======== PROVIDED RECORDS

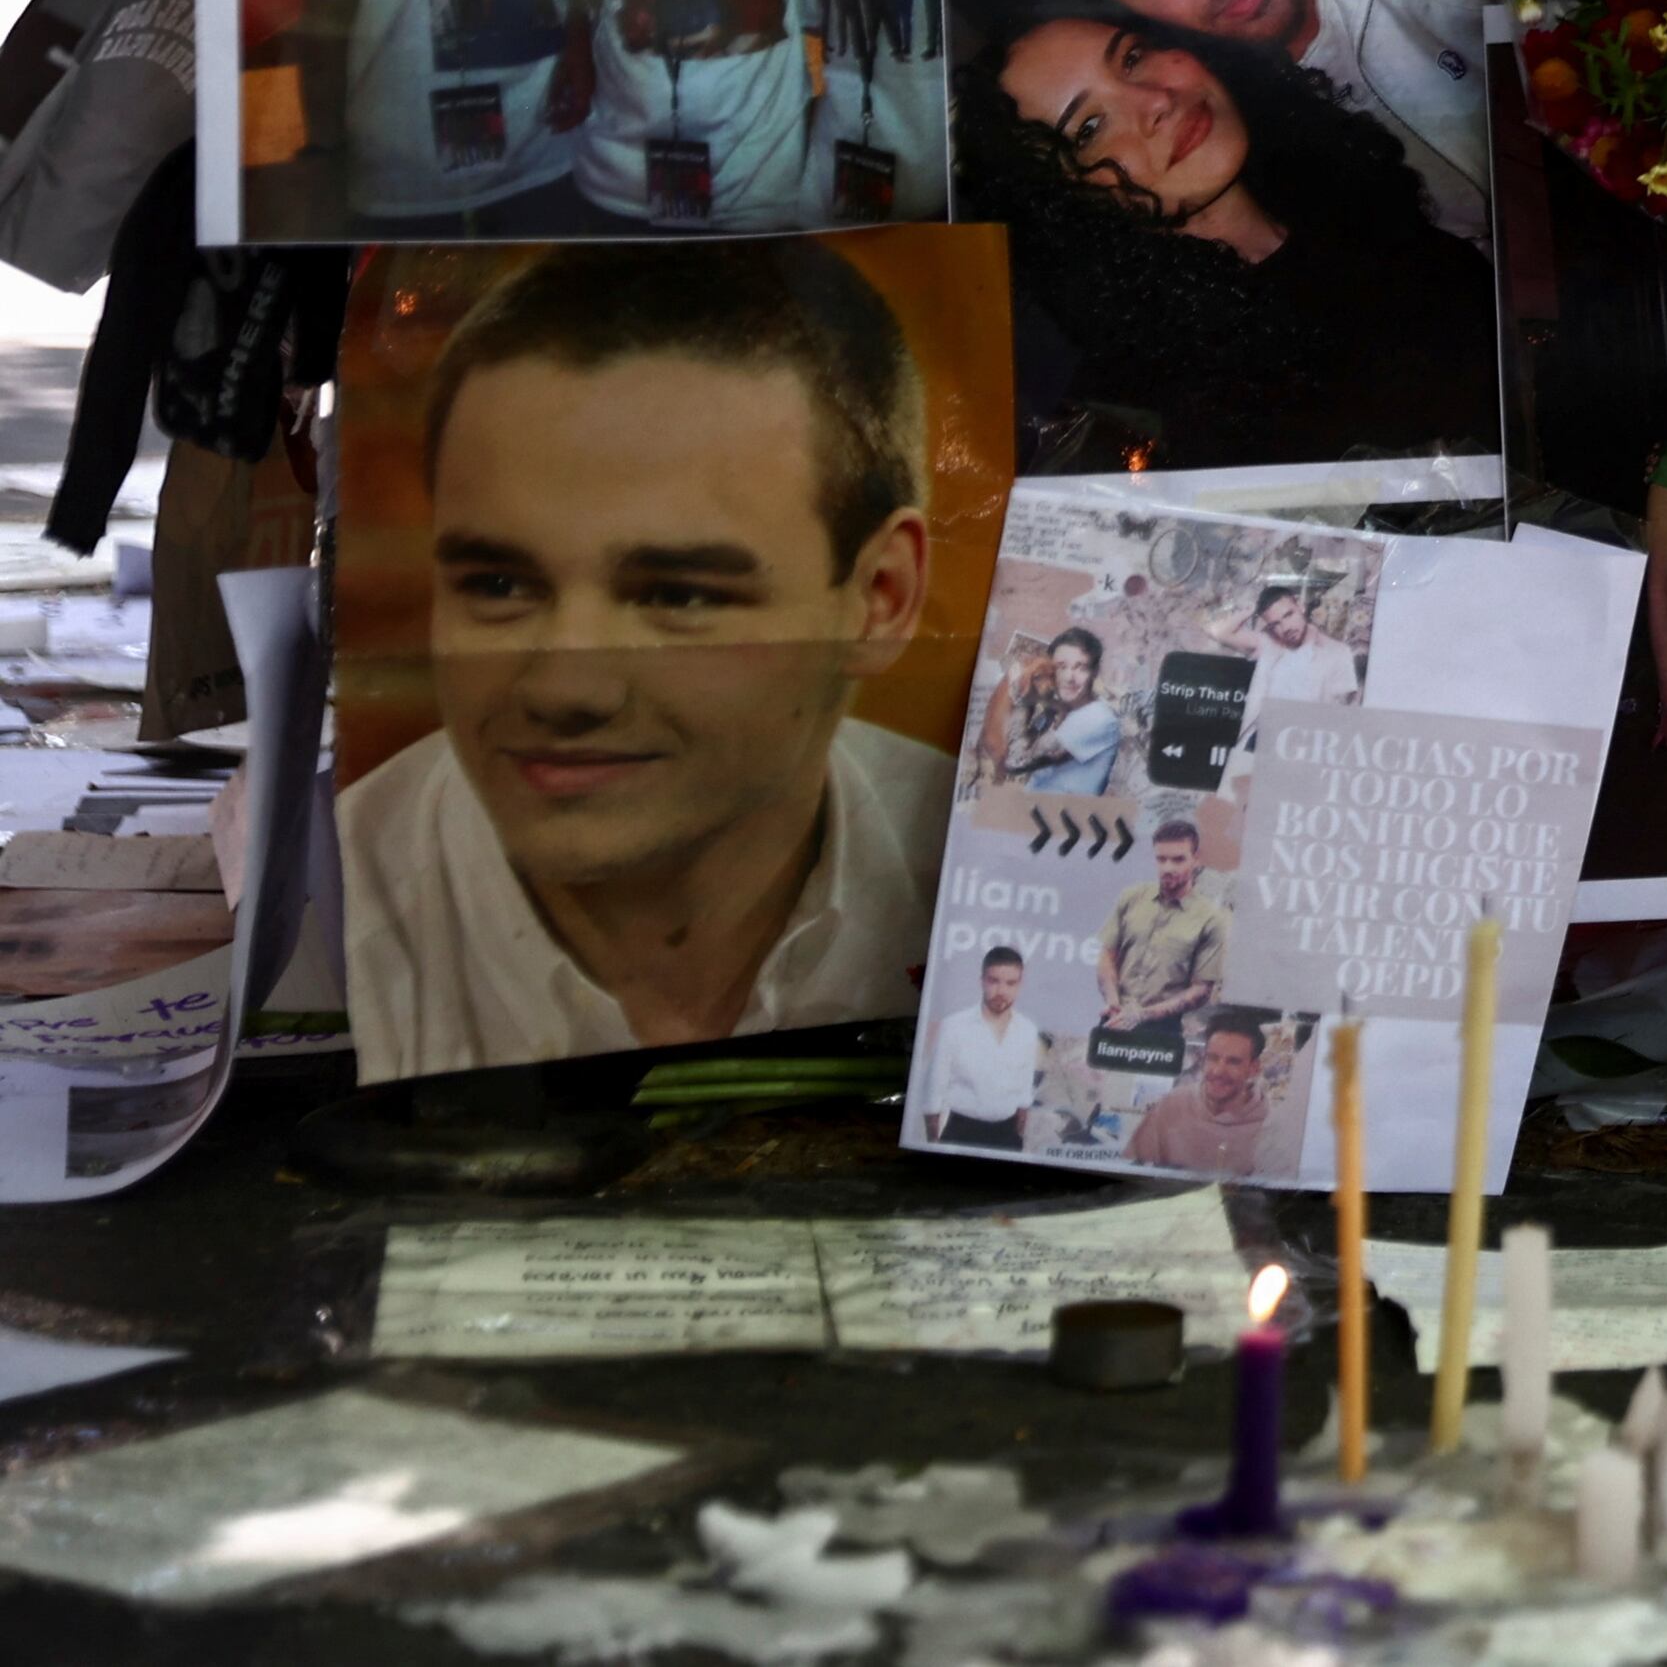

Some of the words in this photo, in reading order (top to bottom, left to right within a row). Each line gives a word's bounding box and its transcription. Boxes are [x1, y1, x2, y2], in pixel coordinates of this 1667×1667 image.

[1160, 682, 1195, 699] Strip
[1199, 687, 1230, 701] That
[1186, 704, 1217, 716] Liam
[1276, 726, 1475, 778] GRACIAS
[1487, 746, 1580, 786] POR
[1319, 769, 1456, 813] TODO
[1467, 783, 1528, 818] LO
[1276, 801, 1456, 850] BONITO
[1469, 820, 1560, 859] QUE
[1269, 839, 1361, 881] NOS
[1377, 849, 1558, 895] HICISTE
[952, 866, 1059, 916] liam
[1256, 875, 1380, 920] VIVIR
[1393, 889, 1485, 928] CON
[1503, 897, 1561, 932] TU
[944, 923, 1103, 966] payne
[1291, 916, 1503, 963] TALENT
[1336, 958, 1463, 1002] QEPD
[138, 991, 219, 1021] te
[1097, 1042, 1174, 1064] liampayne
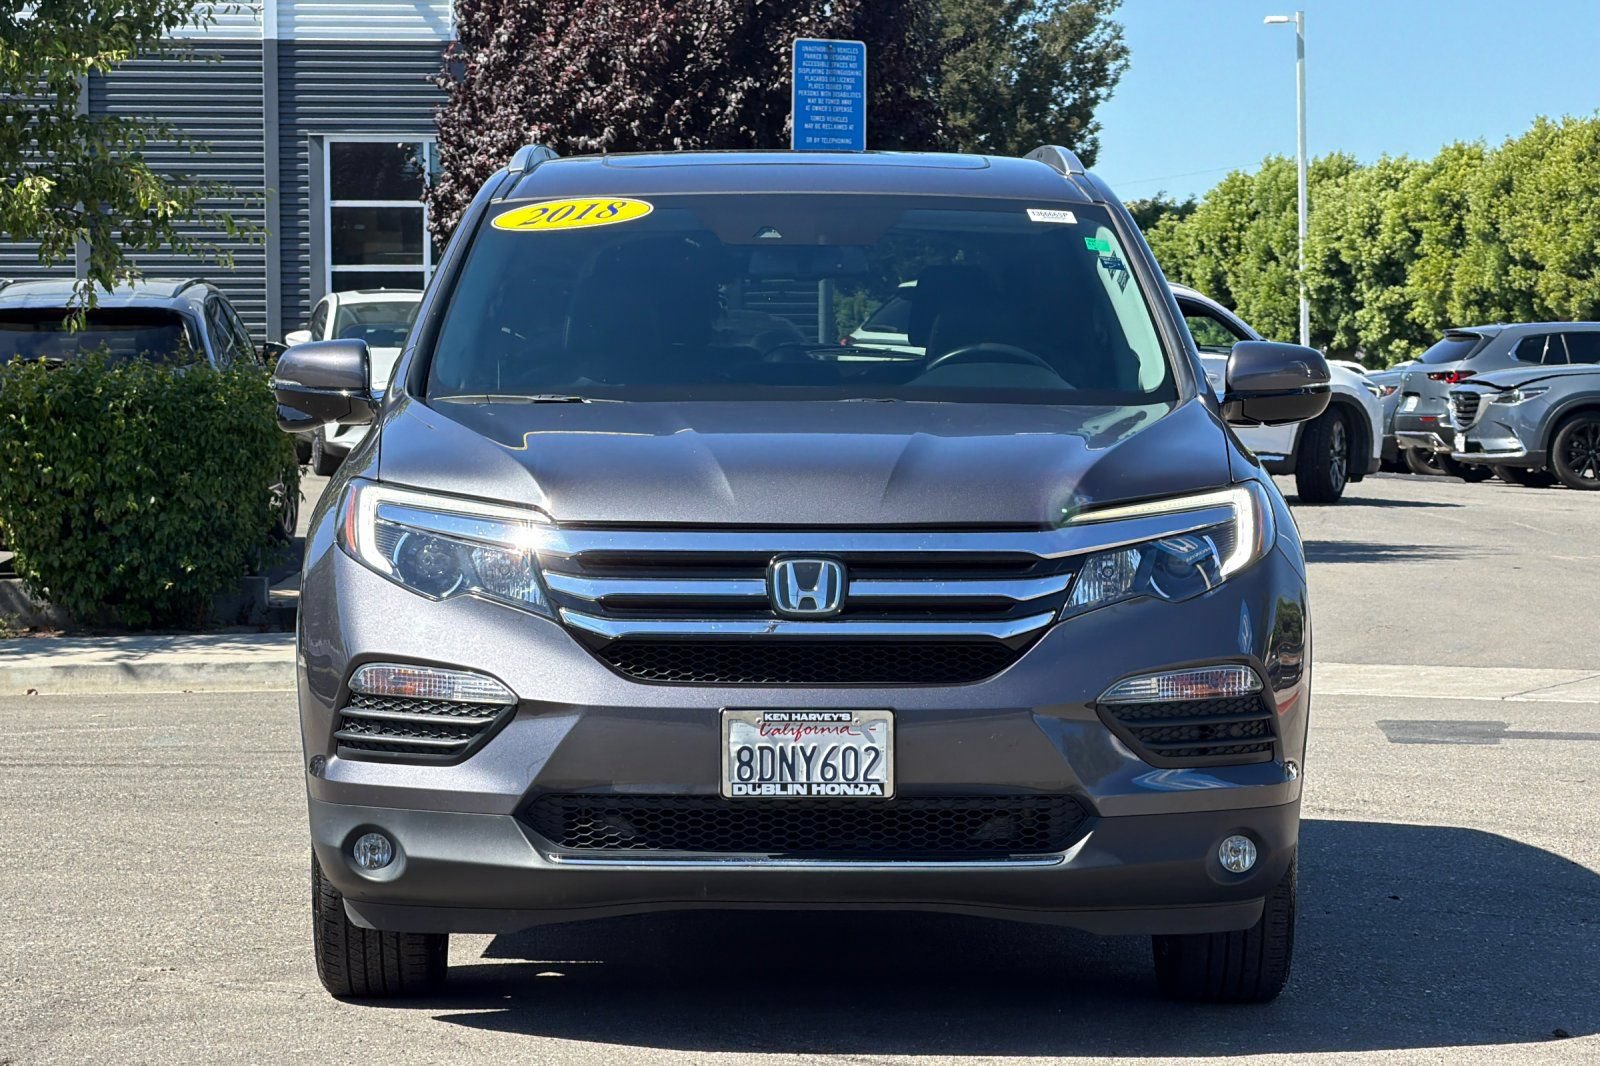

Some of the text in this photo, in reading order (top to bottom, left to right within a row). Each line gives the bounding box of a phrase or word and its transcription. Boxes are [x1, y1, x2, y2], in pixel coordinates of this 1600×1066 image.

[517, 201, 627, 226] 2018
[764, 713, 851, 721] KEN HARVEY'S
[759, 722, 861, 742] California
[736, 745, 880, 782] 8DNY602
[732, 783, 883, 795] DUBLIN HONDA
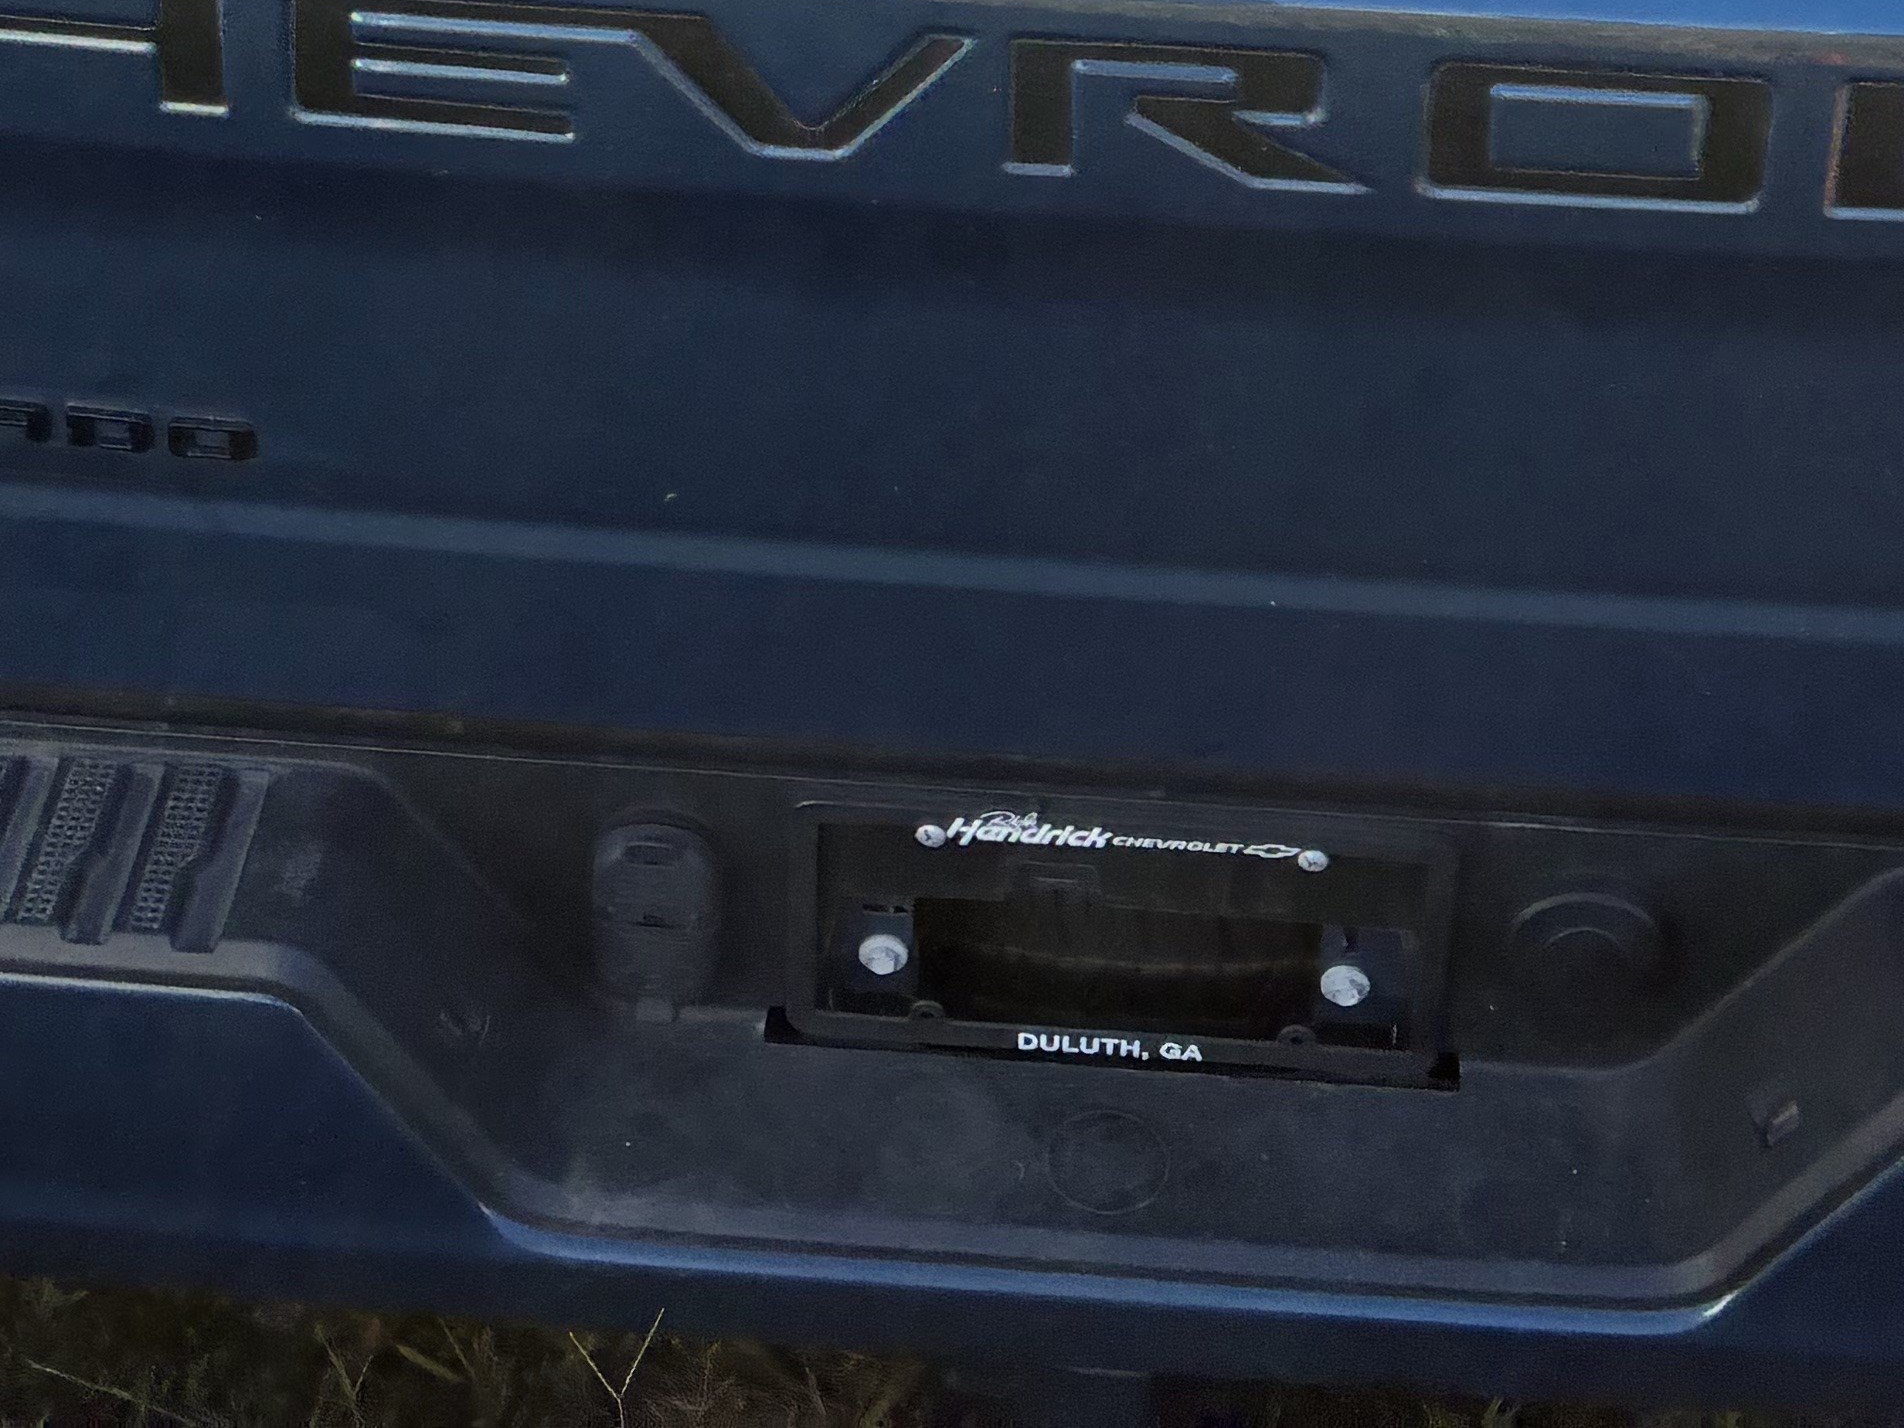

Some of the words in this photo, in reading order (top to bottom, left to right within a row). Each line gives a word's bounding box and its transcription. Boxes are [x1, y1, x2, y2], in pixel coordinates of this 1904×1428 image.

[946, 817, 1113, 849] Hendrick
[1112, 834, 1244, 854] CHEVROLET
[1017, 1032, 1150, 1061] DULUTH,
[1159, 1042, 1203, 1062] GA

================

TASK TO CARRY OUT: In the listing above, the line containing "this 1904×1428 image." and all lines after it are to be restated word for word.

RESULT BELOW:
Some of the words in this photo, in reading order (top to bottom, left to right within a row). Each line gives a word's bounding box and its transcription. Boxes are [x1, y1, x2, y2], in pixel coordinates of this 1904×1428 image.

[946, 817, 1113, 849] Hendrick
[1112, 834, 1244, 854] CHEVROLET
[1017, 1032, 1150, 1061] DULUTH,
[1159, 1042, 1203, 1062] GA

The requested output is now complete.